# Astralean



## SpotMe?

What's the maximum dosage for a female?

I'm using Alpa Pharma Astralean It's 40mcg.


----------



## Dux

It depends what you can personally handle.

I'm taking 160mg and I'm fine with it, but others have said that dosage was too much.


----------



## tprice

start on 40 but dont exceed 80.


----------



## Dux

And make sure your diet is sorted, it isn't that good


----------



## SpotMe?

tprice said:


> start on 40 but dont exceed 80.


I was taking 80 mcg but upped to 120 today should I go back down?


----------



## tprice

how long have you been on it, its one of those 'how does your body react' things.

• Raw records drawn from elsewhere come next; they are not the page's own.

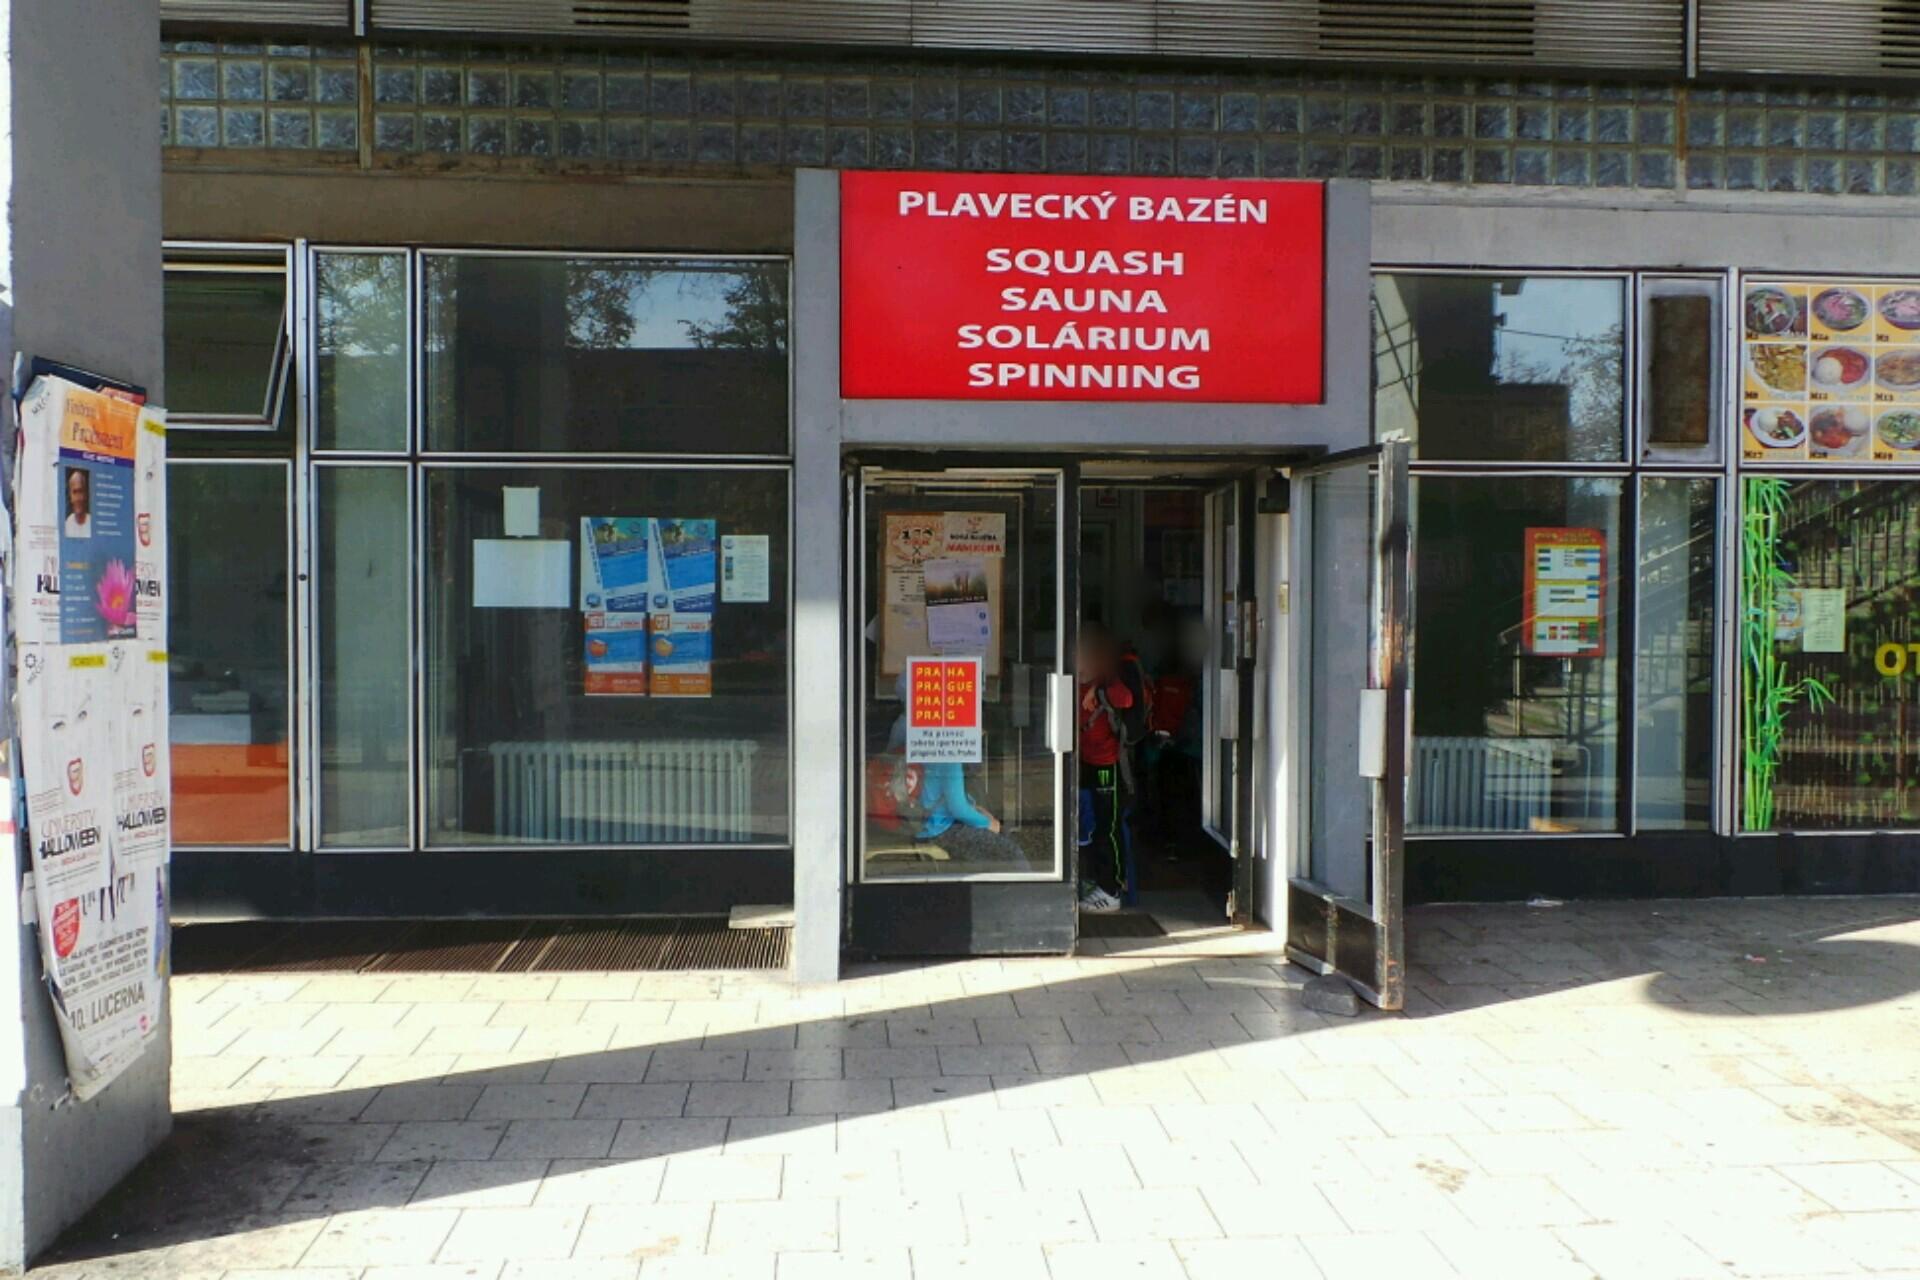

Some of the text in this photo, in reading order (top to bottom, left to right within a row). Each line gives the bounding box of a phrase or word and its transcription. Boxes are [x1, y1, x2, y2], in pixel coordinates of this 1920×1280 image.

[899, 190, 1267, 224] PLAVECKÝ BAZÉN
[986, 249, 1184, 276] SQUASH
[1001, 287, 1168, 313] SAUNA
[957, 322, 1210, 352] SOLÁRIUM
[968, 362, 1200, 389] SPINNING
[91, 981, 145, 1024] LUCERNA

if you can feel it working great, but if it feels too much take it back down.


----------



## SpotMe?

tprice said:


> how long have you been on it, its one of those 'how does your body react' things.
> 
> if you can feel it working great, but if it feels too much take it back down.


I've been on it for 5 days now started on 40mcg first two days then upped to 80 for two days felt fine so had another one today and again feel fine so would you say I'm safe to continue at 120mcg?

Also on an unrelated note yes I'm right near Newbury in Reading so not far at all.


----------



## GolfDelta

Originally Posted by tprice

start on 40 but dont exceed 80.

Why not?Its a personal tolerance there are no hard and fast rules so this is rubbish advice!

OP I can go up to 160mcg of astralean with no adverse sides,I increased my dosage by 20mcg(half a pill) every 2/3 days to assess tolerance.Just find what works for you.


----------



## ausbuilt

SpotMe? said:


> I've been on it for 5 days now started on 40mcg first two days then upped to 80 for two days felt fine so had another one today and again feel fine so would you say I'm safe to continue at 120mcg?
> 
> Also on an unrelated note yes I'm right near Newbury in Reading so not far at all.


my girl easily does 200mcg day (5x40)... I stop at 160mcg... even then the cramping half kills me...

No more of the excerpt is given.